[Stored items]

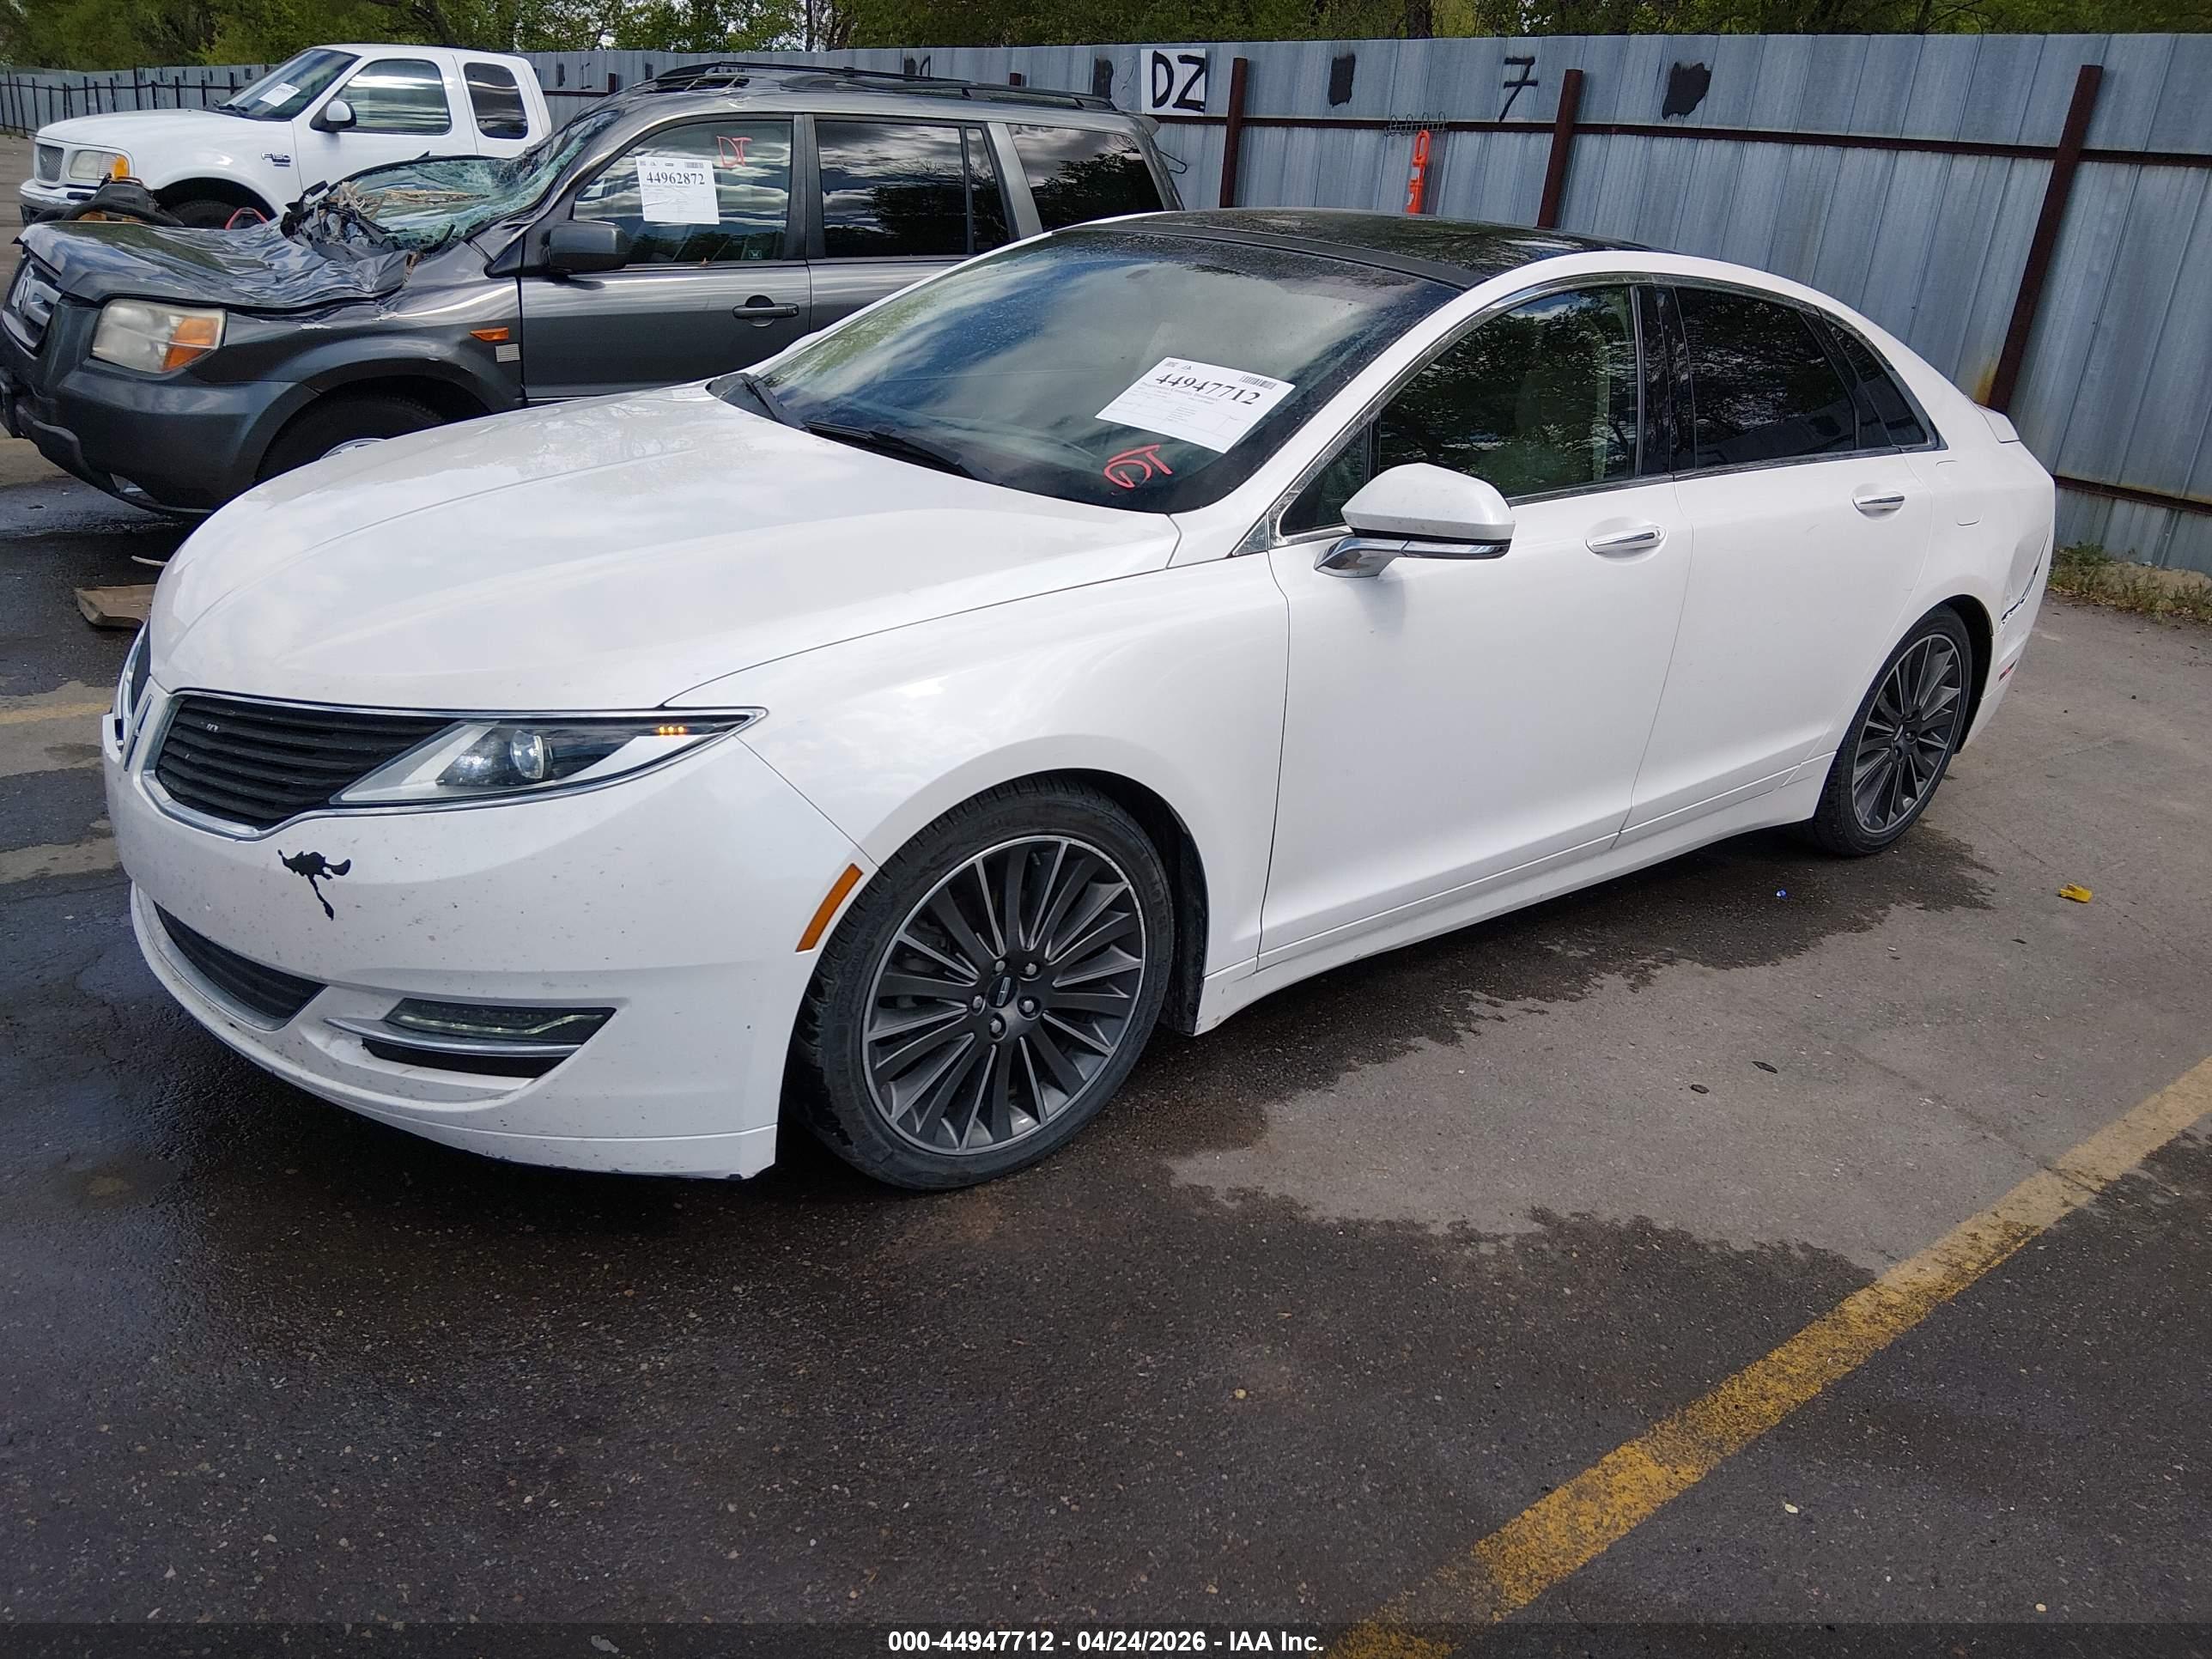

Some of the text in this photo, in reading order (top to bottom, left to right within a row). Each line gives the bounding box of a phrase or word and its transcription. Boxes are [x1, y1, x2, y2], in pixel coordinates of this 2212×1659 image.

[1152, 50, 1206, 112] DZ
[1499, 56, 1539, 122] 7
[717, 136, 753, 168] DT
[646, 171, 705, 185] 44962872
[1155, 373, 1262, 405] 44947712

▶ **Exercise requirements**: Write out each entry exactly as given, but skip the pictures.

▶ **Exercise solution**:
Some of the text in this photo, in reading order (top to bottom, left to right within a row). Each line gives the bounding box of a phrase or word and its transcription. Boxes are [x1, y1, x2, y2], in pixel coordinates of this 2212×1659 image.

[1152, 50, 1206, 112] DZ
[1499, 56, 1539, 122] 7
[717, 136, 753, 168] DT
[646, 171, 705, 185] 44962872
[1155, 373, 1262, 405] 44947712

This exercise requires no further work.